=== Brief ===
Omit every picture and output the rest of the records exactly as they are.

=== Stored data ===
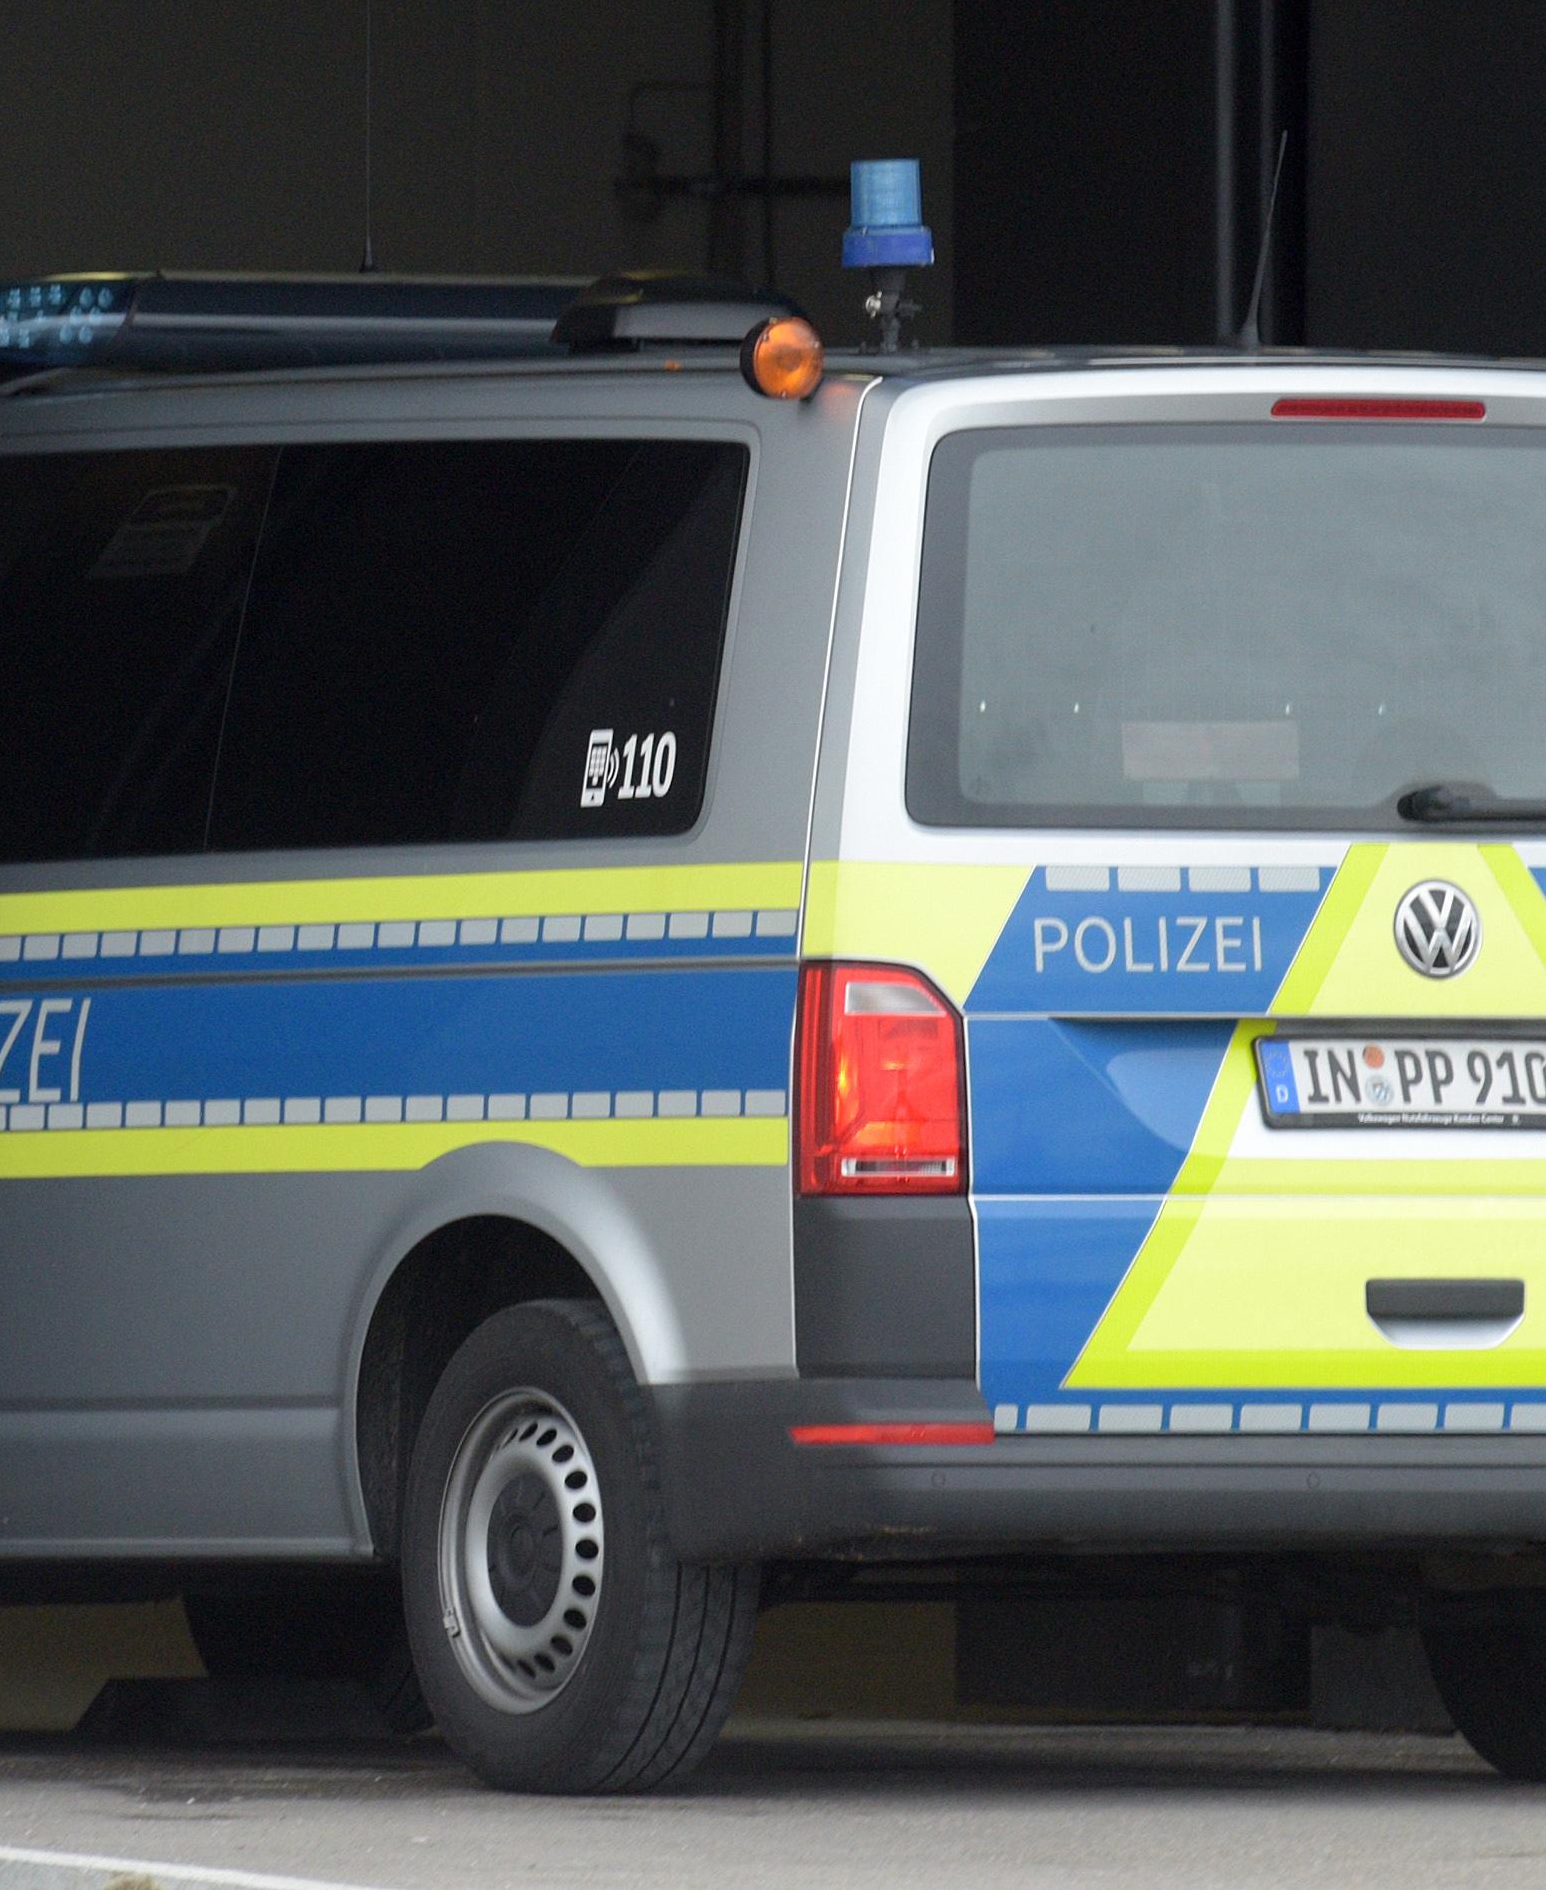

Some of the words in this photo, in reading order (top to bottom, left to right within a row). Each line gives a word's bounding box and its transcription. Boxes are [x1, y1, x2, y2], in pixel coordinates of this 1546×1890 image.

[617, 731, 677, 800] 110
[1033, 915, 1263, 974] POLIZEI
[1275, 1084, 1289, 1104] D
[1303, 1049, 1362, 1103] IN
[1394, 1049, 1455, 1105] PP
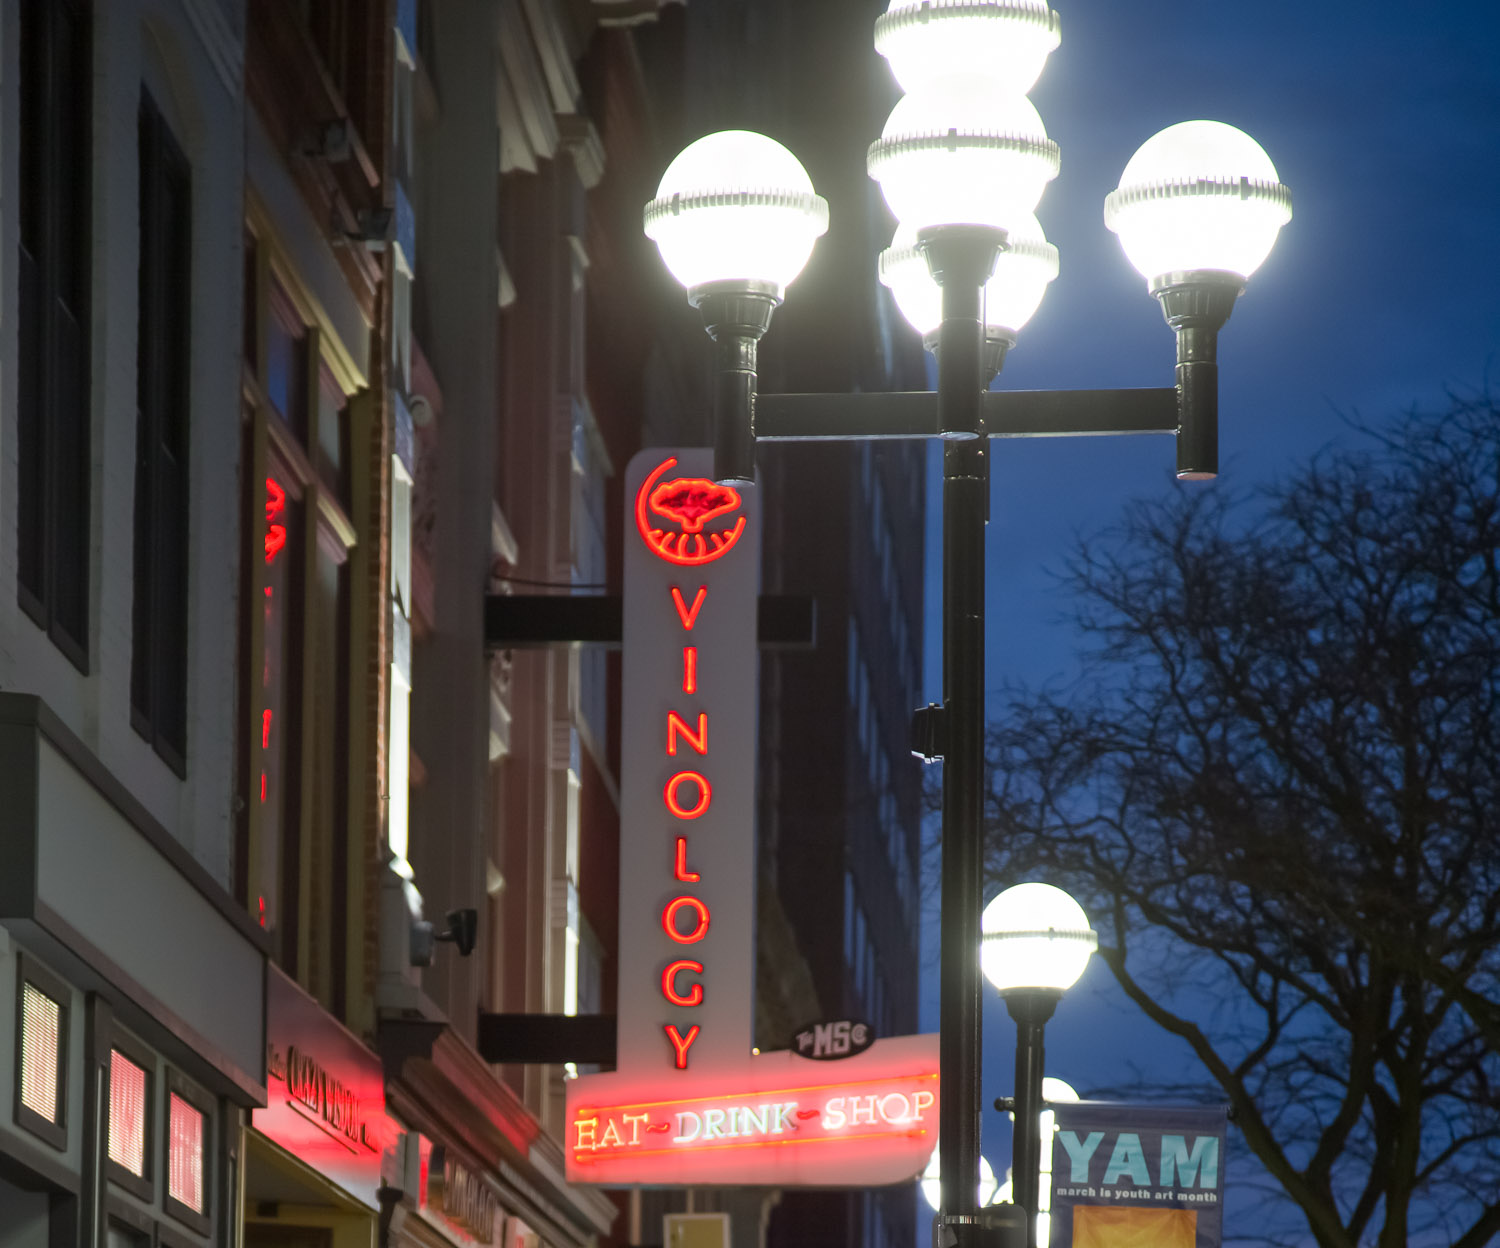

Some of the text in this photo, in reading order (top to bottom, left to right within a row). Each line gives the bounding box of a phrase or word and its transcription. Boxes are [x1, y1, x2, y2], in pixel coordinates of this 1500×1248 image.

=== Written response ===
Some of the words in this photo, in reading order (top to bottom, left to right within a row). Each line gives a word's bounding box and its transcription. Boxes are [x1, y1, x2, y2], in pixel coordinates of this 1546×1890 image.

[617, 731, 677, 800] 110
[1033, 915, 1263, 974] POLIZEI
[1275, 1084, 1289, 1104] D
[1303, 1049, 1362, 1103] IN
[1394, 1049, 1455, 1105] PP

Some of the text in this photo, in reading order (top to bottom, left to right within a row). Each line gives the bounding box of a phrase or word and its transcription. Boxes are [x1, y1, x2, y2], in pixel coordinates of this 1500×1248 image.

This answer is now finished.